Je ne connaissais pas l’application Litsy avant de découvrir vos questions. La réponse est donc non. Pour aller plus loin, j’ai décidé de me consacrer aux canaux que j’utilise déjà, à savoir mon blog, Facebook, Twitter, Instagram, LinkedIn et Goodreads. Je préfère être active sur un nombre de media moins important, mais les développer, plutôt que m’éparpiller et n’en tirer aucun bénéfice.





7 – A Mandelieu-la-Napoule dans les Alpes-Maritimes, il existe un Salon des Blogueurs qui est, depuis cette année, la fusion du Salon des Blogueurs voyages créé en 2014 et du Salon des Influenceurs du Web créé en 2017. Avez-vous déjà participé au Salon des influenceurs du Web et participerez-vous au Salon des Blogueurs en octobre 2020 ?

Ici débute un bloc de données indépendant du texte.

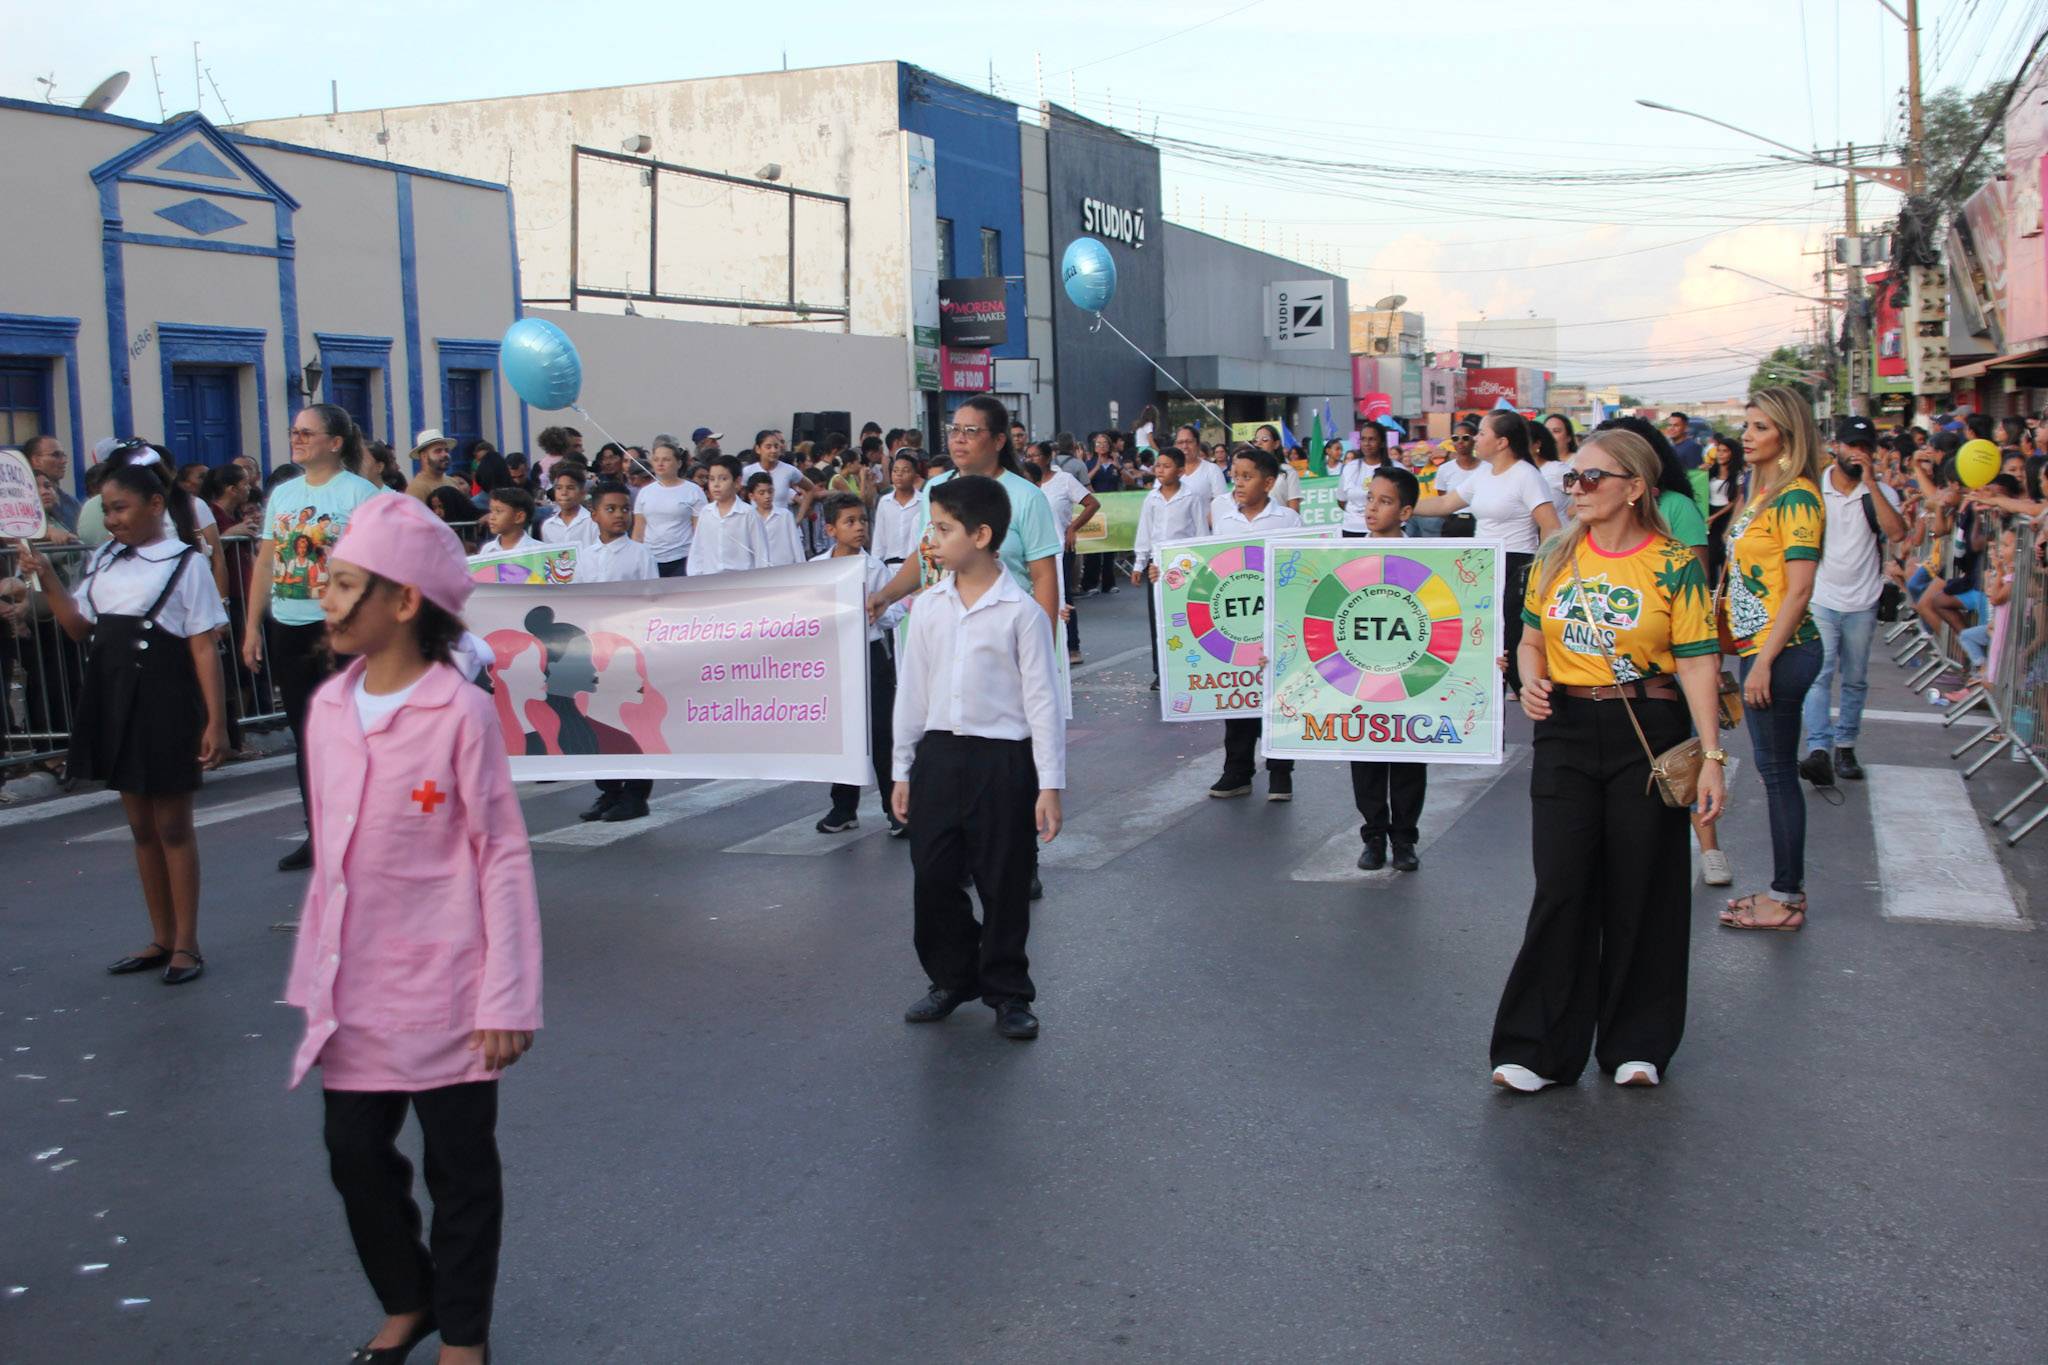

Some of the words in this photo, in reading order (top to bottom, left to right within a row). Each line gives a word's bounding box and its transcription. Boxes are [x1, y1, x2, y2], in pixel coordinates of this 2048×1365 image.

Je n’ai jamais participé au Salon des Influenceurs du Web. Pour le moment, j’ai privilégié les salons littéraires qui me permettent de rencontrer mes auteurs favoris et d’autres blogueurs. J’y vais donc avant tout pour mon plaisir personnel.

Néanmoins, je n’exclus pas l’idée d’y participer un jour. De même pour le Salon des Blogueurs, je n’ai jamais eu l’occasion d’y aller, habitant de l’autre côté de la France. C’est un rendez-vous que je pourrais envisager pour les prochaines années. Ce ne sera pas pour 2020, cependant.



8 – Pensez-vous qu'un Salon des Blogueurs, spécifique aux influenceurs littéraires serait une idée intéressante ? Est-ce un genre de salon auquel vous pourriez participer ?


Ce serait, à mes yeux, une très bonne idée. Cela permettrait de mettre en lien les acteurs de l’édition avec les blogueurs, et de pouvoir envisager des collaborations sérieuses, comme c’est le cas pour les autres domaines d’activité. Cela donnerait aussi de la visibilité à ces blogueurs et reconnaîtrait leur rôle dans la chaîne du livre.

C’est effectivement un salon auquel je pourrais participer s’il en existait un.




9 – Vous avez, sur votre blog, près de 300 chroniques écrites.

Avez-vous déjà songé à les (faire) publier que ce soit en format papier ou en livre numérique ?


Non, cela ne m’a jamais traversé l’esprit.



10 – Si on vous le proposait, accepteriez-vous ? Pourquoi ?


Je pense que cela dépendrait de la proposition en elle-même. Je ne sais pas si publier mes chroniques toutes en même temps serait intéressant pour les lecteurs. En revanche, s’il s’agit d’une anthologie au sujet d’un auteur ou d’un genre littéraire en particulier, pourquoi pas !

Être éditée simplement pour me dire que je le suis ne m’intéresse pas. J’ai besoin que cela ait du sens.

De plus, je veux pouvoir garder mes droits d’auteure et ma liberté d’exprimer sincèrement mon ressenti, ce qui peut parfois être bafoué lorsqu’il s’agit de respecter une ligne éditoriale précise.